▸ Description of the task: Reproduce all the lines below exactly and omit the images.

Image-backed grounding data
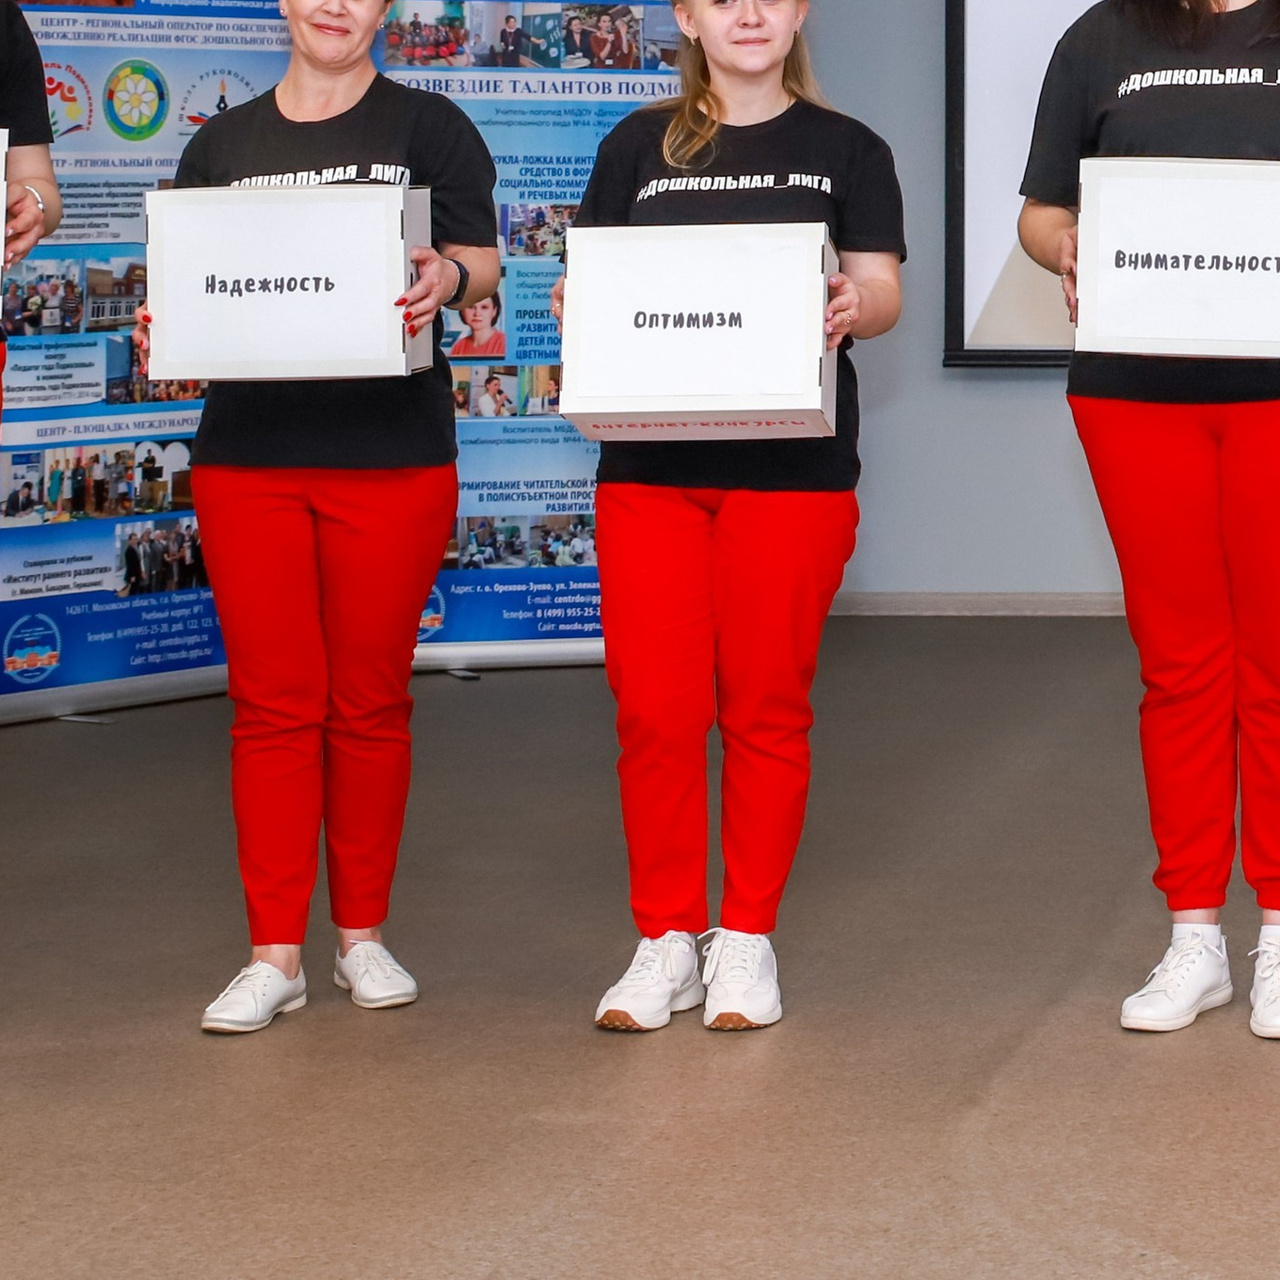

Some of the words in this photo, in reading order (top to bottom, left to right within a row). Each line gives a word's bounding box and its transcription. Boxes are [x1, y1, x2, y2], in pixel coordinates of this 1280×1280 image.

[41, 18, 79, 27] ЦЕНТР
[86, 19, 164, 29] РЕГИОНАЛЬНЫЙ
[167, 21, 213, 31] ОПЕРАТОР
[216, 23, 230, 31] ПО
[107, 33, 171, 43] РЕАЛИЗАЦИИ
[174, 34, 199, 43] ФГОС
[201, 36, 273, 45] ДОШКОЛЬНОГО
[509, 80, 613, 95] ТАЛАНТОВ
[75, 157, 152, 167] РЕГИОНАЛЬНЫЙ
[555, 156, 573, 165] КАК
[519, 167, 562, 177] СРЕДСТВО
[636, 173, 833, 203] #ДОШКОЛЬНАЯ_ЛИГА
[519, 190, 526, 199] И
[527, 190, 568, 200] РЕЧЕВЫХ
[205, 274, 336, 298] Надежность
[515, 309, 550, 319] ПРОЕКТ
[633, 311, 743, 330] Оптимизм
[517, 334, 545, 347] ДЕТЕЙ
[515, 349, 560, 359] ЦВЕТНЫМ
[36, 427, 67, 438] ЦЕНТР
[73, 422, 131, 435] ПЛОЩАДКА
[502, 420, 552, 433] Воспитатель
[459, 481, 521, 491] РМИРОВАНИЕ
[523, 478, 587, 489] ЧИТАТЕЛЬСКОЙ
[478, 493, 485, 502] В
[486, 491, 569, 502] ПОЛИСУБЪЕКТНОМ
[545, 502, 590, 512] РАЗВИТИЯ

▸ Completed exercise:
Some of the words in this photo, in reading order (top to bottom, left to right within a row). Each line gives a word's bounding box and its transcription. Boxes are [x1, y1, x2, y2], in pixel coordinates of this 1280×1280 image.

[41, 18, 79, 27] ЦЕНТР
[86, 19, 164, 29] РЕГИОНАЛЬНЫЙ
[167, 21, 213, 31] ОПЕРАТОР
[216, 23, 230, 31] ПО
[107, 33, 171, 43] РЕАЛИЗАЦИИ
[174, 34, 199, 43] ФГОС
[201, 36, 273, 45] ДОШКОЛЬНОГО
[509, 80, 613, 95] ТАЛАНТОВ
[75, 157, 152, 167] РЕГИОНАЛЬНЫЙ
[555, 156, 573, 165] КАК
[519, 167, 562, 177] СРЕДСТВО
[636, 173, 833, 203] #ДОШКОЛЬНАЯ_ЛИГА
[519, 190, 526, 199] И
[527, 190, 568, 200] РЕЧЕВЫХ
[205, 274, 336, 298] Надежность
[515, 309, 550, 319] ПРОЕКТ
[633, 311, 743, 330] Оптимизм
[517, 334, 545, 347] ДЕТЕЙ
[515, 349, 560, 359] ЦВЕТНЫМ
[36, 427, 67, 438] ЦЕНТР
[73, 422, 131, 435] ПЛОЩАДКА
[502, 420, 552, 433] Воспитатель
[459, 481, 521, 491] РМИРОВАНИЕ
[523, 478, 587, 489] ЧИТАТЕЛЬСКОЙ
[478, 493, 485, 502] В
[486, 491, 569, 502] ПОЛИСУБЪЕКТНОМ
[545, 502, 590, 512] РАЗВИТИЯ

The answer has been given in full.